(Dataset entries)
----

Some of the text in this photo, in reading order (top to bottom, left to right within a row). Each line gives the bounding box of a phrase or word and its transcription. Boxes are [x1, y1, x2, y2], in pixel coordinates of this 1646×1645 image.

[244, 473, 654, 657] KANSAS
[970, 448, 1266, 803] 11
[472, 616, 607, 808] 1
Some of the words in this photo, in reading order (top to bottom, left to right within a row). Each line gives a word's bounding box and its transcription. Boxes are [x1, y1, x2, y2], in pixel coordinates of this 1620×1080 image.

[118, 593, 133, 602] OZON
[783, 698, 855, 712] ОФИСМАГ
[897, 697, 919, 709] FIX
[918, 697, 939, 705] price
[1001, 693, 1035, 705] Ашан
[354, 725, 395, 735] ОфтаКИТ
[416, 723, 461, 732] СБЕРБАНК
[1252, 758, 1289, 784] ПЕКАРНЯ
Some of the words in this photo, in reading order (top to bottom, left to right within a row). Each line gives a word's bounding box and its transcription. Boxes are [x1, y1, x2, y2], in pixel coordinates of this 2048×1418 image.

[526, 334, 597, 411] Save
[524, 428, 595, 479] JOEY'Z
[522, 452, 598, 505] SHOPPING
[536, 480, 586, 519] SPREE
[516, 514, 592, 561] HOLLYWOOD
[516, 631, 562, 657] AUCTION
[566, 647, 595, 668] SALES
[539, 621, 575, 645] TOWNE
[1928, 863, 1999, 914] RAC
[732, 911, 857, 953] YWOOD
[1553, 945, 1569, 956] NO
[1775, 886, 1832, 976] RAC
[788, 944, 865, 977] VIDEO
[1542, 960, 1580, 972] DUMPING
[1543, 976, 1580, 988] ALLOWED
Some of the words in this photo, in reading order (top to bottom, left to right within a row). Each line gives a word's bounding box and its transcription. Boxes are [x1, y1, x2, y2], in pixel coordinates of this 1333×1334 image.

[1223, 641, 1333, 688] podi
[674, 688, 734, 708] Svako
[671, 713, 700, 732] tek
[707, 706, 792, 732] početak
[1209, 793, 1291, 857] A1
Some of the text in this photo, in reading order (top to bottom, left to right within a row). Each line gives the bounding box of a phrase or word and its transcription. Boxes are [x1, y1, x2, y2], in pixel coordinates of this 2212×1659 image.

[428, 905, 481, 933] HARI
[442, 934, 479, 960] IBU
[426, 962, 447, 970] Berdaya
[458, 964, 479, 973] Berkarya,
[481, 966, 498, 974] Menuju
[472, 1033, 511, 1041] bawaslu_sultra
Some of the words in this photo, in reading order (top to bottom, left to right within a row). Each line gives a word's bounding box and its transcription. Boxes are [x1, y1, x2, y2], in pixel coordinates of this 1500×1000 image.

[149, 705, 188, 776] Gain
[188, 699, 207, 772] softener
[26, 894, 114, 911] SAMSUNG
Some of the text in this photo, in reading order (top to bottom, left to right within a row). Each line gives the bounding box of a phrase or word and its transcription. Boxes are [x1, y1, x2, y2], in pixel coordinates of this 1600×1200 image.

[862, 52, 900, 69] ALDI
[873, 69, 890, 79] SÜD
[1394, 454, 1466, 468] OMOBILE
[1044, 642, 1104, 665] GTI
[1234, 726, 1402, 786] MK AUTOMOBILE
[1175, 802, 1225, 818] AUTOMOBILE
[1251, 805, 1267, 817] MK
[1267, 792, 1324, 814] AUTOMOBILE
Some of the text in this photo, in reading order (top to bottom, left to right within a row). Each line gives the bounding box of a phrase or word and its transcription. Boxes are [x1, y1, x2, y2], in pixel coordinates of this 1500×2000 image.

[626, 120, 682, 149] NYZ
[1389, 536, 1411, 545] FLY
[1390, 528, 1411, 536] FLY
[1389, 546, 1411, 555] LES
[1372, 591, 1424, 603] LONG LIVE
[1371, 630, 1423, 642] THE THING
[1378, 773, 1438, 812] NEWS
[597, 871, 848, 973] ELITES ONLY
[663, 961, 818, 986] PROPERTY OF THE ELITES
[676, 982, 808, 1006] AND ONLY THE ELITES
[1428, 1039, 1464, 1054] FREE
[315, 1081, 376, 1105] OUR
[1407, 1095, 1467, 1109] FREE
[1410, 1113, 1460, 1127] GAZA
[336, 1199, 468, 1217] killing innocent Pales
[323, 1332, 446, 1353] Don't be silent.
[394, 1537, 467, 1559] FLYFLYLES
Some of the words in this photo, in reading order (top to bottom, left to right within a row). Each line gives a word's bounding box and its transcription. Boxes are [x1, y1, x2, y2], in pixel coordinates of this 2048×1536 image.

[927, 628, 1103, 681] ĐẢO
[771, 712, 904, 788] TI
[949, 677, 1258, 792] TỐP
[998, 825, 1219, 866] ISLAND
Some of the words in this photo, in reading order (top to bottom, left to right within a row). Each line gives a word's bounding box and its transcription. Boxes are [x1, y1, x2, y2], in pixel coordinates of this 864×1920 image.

----

Task instructions. Write out every entry above exactly as given.

Result.
Some of the text in this photo, in reading order (top to bottom, left to right within a row). Each line gives the bounding box of a phrase or word and its transcription. Boxes are [x1, y1, x2, y2], in pixel coordinates of this 1646×1645 image.

[244, 473, 654, 657] KANSAS
[970, 448, 1266, 803] 11
[472, 616, 607, 808] 1
Some of the words in this photo, in reading order (top to bottom, left to right within a row). Each line gives a word's bounding box and its transcription. Boxes are [x1, y1, x2, y2], in pixel coordinates of this 1620×1080 image.

[118, 593, 133, 602] OZON
[783, 698, 855, 712] ОФИСМАГ
[897, 697, 919, 709] FIX
[918, 697, 939, 705] price
[1001, 693, 1035, 705] Ашан
[354, 725, 395, 735] ОфтаКИТ
[416, 723, 461, 732] СБЕРБАНК
[1252, 758, 1289, 784] ПЕКАРНЯ
Some of the words in this photo, in reading order (top to bottom, left to right within a row). Each line gives a word's bounding box and its transcription. Boxes are [x1, y1, x2, y2], in pixel coordinates of this 2048×1418 image.

[526, 334, 597, 411] Save
[524, 428, 595, 479] JOEY'Z
[522, 452, 598, 505] SHOPPING
[536, 480, 586, 519] SPREE
[516, 514, 592, 561] HOLLYWOOD
[516, 631, 562, 657] AUCTION
[566, 647, 595, 668] SALES
[539, 621, 575, 645] TOWNE
[1928, 863, 1999, 914] RAC
[732, 911, 857, 953] YWOOD
[1553, 945, 1569, 956] NO
[1775, 886, 1832, 976] RAC
[788, 944, 865, 977] VIDEO
[1542, 960, 1580, 972] DUMPING
[1543, 976, 1580, 988] ALLOWED
Some of the words in this photo, in reading order (top to bottom, left to right within a row). Each line gives a word's bounding box and its transcription. Boxes are [x1, y1, x2, y2], in pixel coordinates of this 1333×1334 image.

[1223, 641, 1333, 688] podi
[674, 688, 734, 708] Svako
[671, 713, 700, 732] tek
[707, 706, 792, 732] početak
[1209, 793, 1291, 857] A1
Some of the text in this photo, in reading order (top to bottom, left to right within a row). Each line gives the bounding box of a phrase or word and its transcription. Boxes are [x1, y1, x2, y2], in pixel coordinates of this 2212×1659 image.

[428, 905, 481, 933] HARI
[442, 934, 479, 960] IBU
[426, 962, 447, 970] Berdaya
[458, 964, 479, 973] Berkarya,
[481, 966, 498, 974] Menuju
[472, 1033, 511, 1041] bawaslu_sultra
Some of the words in this photo, in reading order (top to bottom, left to right within a row). Each line gives a word's bounding box and its transcription. Boxes are [x1, y1, x2, y2], in pixel coordinates of this 1500×1000 image.

[149, 705, 188, 776] Gain
[188, 699, 207, 772] softener
[26, 894, 114, 911] SAMSUNG
Some of the text in this photo, in reading order (top to bottom, left to right within a row). Each line gives the bounding box of a phrase or word and its transcription. Boxes are [x1, y1, x2, y2], in pixel coordinates of this 1600×1200 image.

[862, 52, 900, 69] ALDI
[873, 69, 890, 79] SÜD
[1394, 454, 1466, 468] OMOBILE
[1044, 642, 1104, 665] GTI
[1234, 726, 1402, 786] MK AUTOMOBILE
[1175, 802, 1225, 818] AUTOMOBILE
[1251, 805, 1267, 817] MK
[1267, 792, 1324, 814] AUTOMOBILE
Some of the text in this photo, in reading order (top to bottom, left to right within a row). Each line gives the bounding box of a phrase or word and its transcription. Boxes are [x1, y1, x2, y2], in pixel coordinates of this 1500×2000 image.

[626, 120, 682, 149] NYZ
[1389, 536, 1411, 545] FLY
[1390, 528, 1411, 536] FLY
[1389, 546, 1411, 555] LES
[1372, 591, 1424, 603] LONG LIVE
[1371, 630, 1423, 642] THE THING
[1378, 773, 1438, 812] NEWS
[597, 871, 848, 973] ELITES ONLY
[663, 961, 818, 986] PROPERTY OF THE ELITES
[676, 982, 808, 1006] AND ONLY THE ELITES
[1428, 1039, 1464, 1054] FREE
[315, 1081, 376, 1105] OUR
[1407, 1095, 1467, 1109] FREE
[1410, 1113, 1460, 1127] GAZA
[336, 1199, 468, 1217] killing innocent Pales
[323, 1332, 446, 1353] Don't be silent.
[394, 1537, 467, 1559] FLYFLYLES
Some of the words in this photo, in reading order (top to bottom, left to right within a row). Each line gives a word's bounding box and its transcription. Boxes are [x1, y1, x2, y2], in pixel coordinates of this 2048×1536 image.

[927, 628, 1103, 681] ĐẢO
[771, 712, 904, 788] TI
[949, 677, 1258, 792] TỐP
[998, 825, 1219, 866] ISLAND
Some of the words in this photo, in reading order (top to bottom, left to right within a row). Each line gives a word's bounding box and its transcription. Boxes are [x1, y1, x2, y2], in pixel coordinates of this 864×1920 image.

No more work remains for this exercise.